_EXTRACTED RECORDS_.
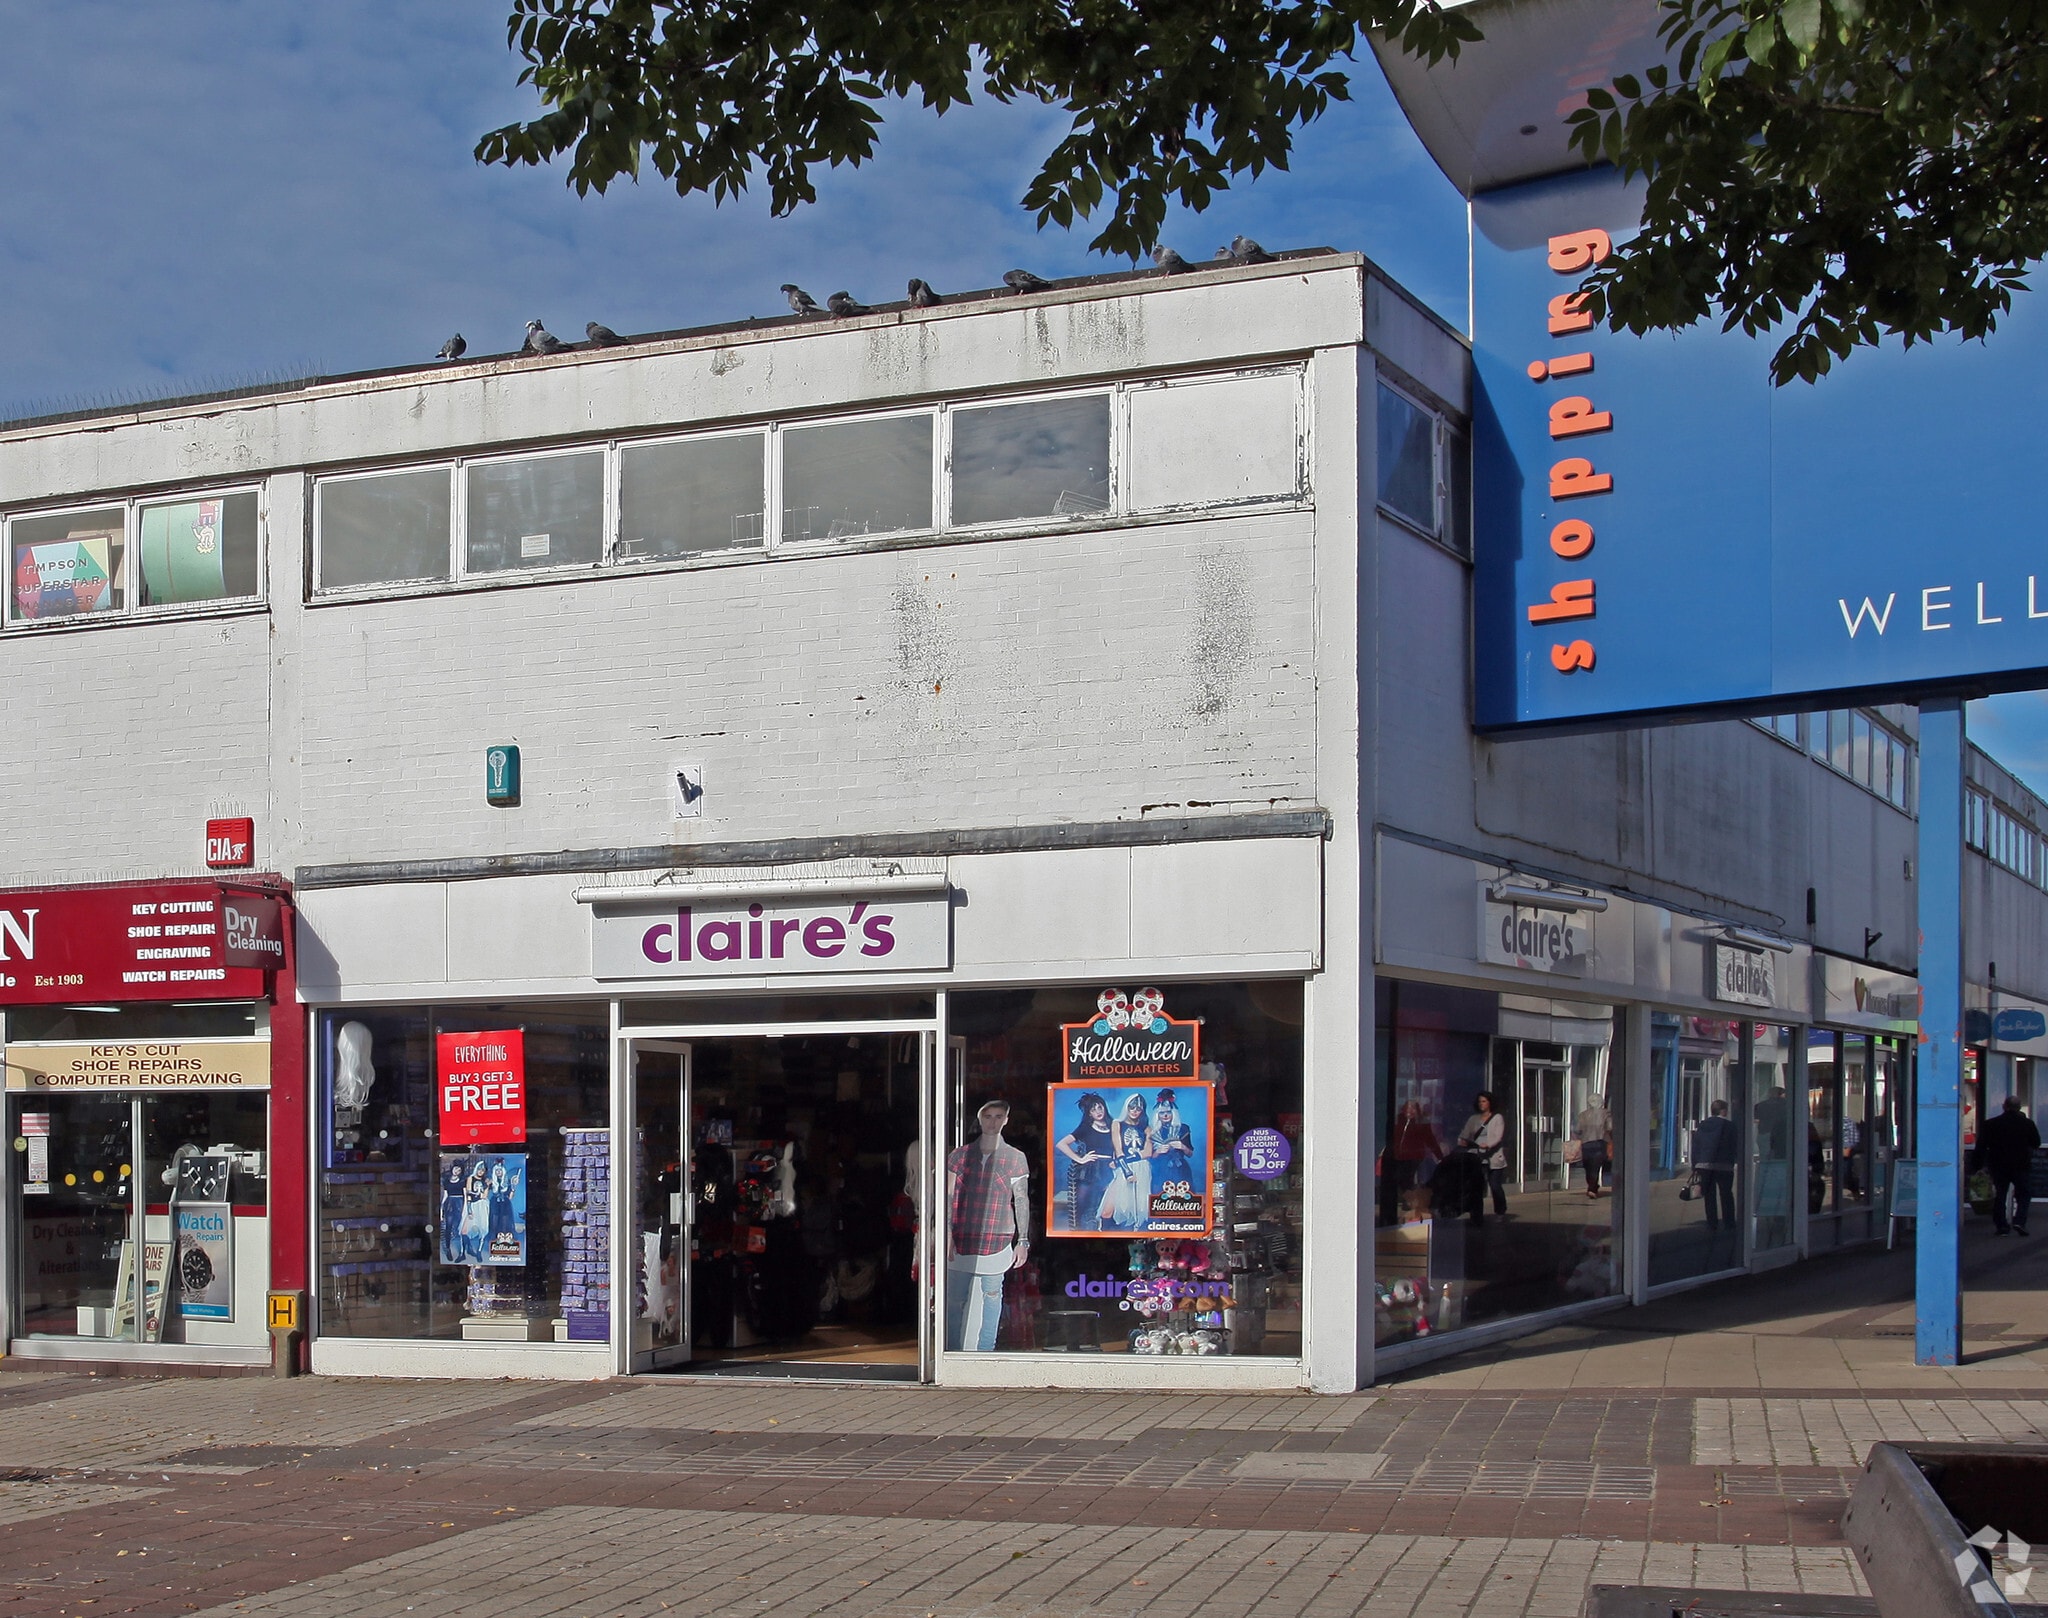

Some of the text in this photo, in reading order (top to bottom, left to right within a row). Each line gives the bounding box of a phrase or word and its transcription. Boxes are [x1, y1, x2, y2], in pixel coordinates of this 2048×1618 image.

[1528, 227, 1613, 672] shopping
[24, 558, 88, 575] TIMPSON
[18, 575, 101, 594] SUPERSTAR
[207, 838, 231, 861] CIA
[132, 901, 214, 915] KEY CUTTING
[225, 907, 258, 938] Dry
[641, 901, 895, 962] claire's
[1501, 900, 1574, 961] claire's
[128, 926, 161, 938] SHOE
[227, 932, 282, 956] Cleaning
[136, 947, 211, 960] ENGRAVING
[35, 975, 54, 986] Est
[57, 974, 84, 985] 1903
[122, 968, 226, 983] WATCH REPAIRS
[1725, 950, 1769, 998] claire's
[90, 1045, 181, 1057] KEYS CUT
[455, 1044, 507, 1063] EVERYTHING
[1070, 1036, 1191, 1063] Halloween
[71, 1059, 202, 1071] SHOE REPAIRS
[1080, 1064, 1180, 1075] HEADQUARTERS
[34, 1073, 242, 1086] COMPUTER ENGRAVING
[449, 1071, 513, 1083] BUY 3 GET 3
[444, 1083, 521, 1112] FREE
[1266, 1161, 1286, 1169] OFF
[176, 1212, 224, 1231] Watch
[1147, 1221, 1205, 1231] claires.com
[196, 1232, 225, 1242] Repairs
[1065, 1274, 1230, 1298] claires.com
[273, 1299, 292, 1323] H

_PROBLEM DETAILS_. Copy the listing exactly. Leave the pictures out.

_EXERCISE RESPONSE_.
Some of the text in this photo, in reading order (top to bottom, left to right within a row). Each line gives the bounding box of a phrase or word and its transcription. Boxes are [x1, y1, x2, y2], in pixel coordinates of this 2048×1618 image.

[1528, 227, 1613, 672] shopping
[24, 558, 88, 575] TIMPSON
[18, 575, 101, 594] SUPERSTAR
[207, 838, 231, 861] CIA
[132, 901, 214, 915] KEY CUTTING
[225, 907, 258, 938] Dry
[641, 901, 895, 962] claire's
[1501, 900, 1574, 961] claire's
[128, 926, 161, 938] SHOE
[227, 932, 282, 956] Cleaning
[136, 947, 211, 960] ENGRAVING
[35, 975, 54, 986] Est
[57, 974, 84, 985] 1903
[122, 968, 226, 983] WATCH REPAIRS
[1725, 950, 1769, 998] claire's
[90, 1045, 181, 1057] KEYS CUT
[455, 1044, 507, 1063] EVERYTHING
[1070, 1036, 1191, 1063] Halloween
[71, 1059, 202, 1071] SHOE REPAIRS
[1080, 1064, 1180, 1075] HEADQUARTERS
[34, 1073, 242, 1086] COMPUTER ENGRAVING
[449, 1071, 513, 1083] BUY 3 GET 3
[444, 1083, 521, 1112] FREE
[1266, 1161, 1286, 1169] OFF
[176, 1212, 224, 1231] Watch
[1147, 1221, 1205, 1231] claires.com
[196, 1232, 225, 1242] Repairs
[1065, 1274, 1230, 1298] claires.com
[273, 1299, 292, 1323] H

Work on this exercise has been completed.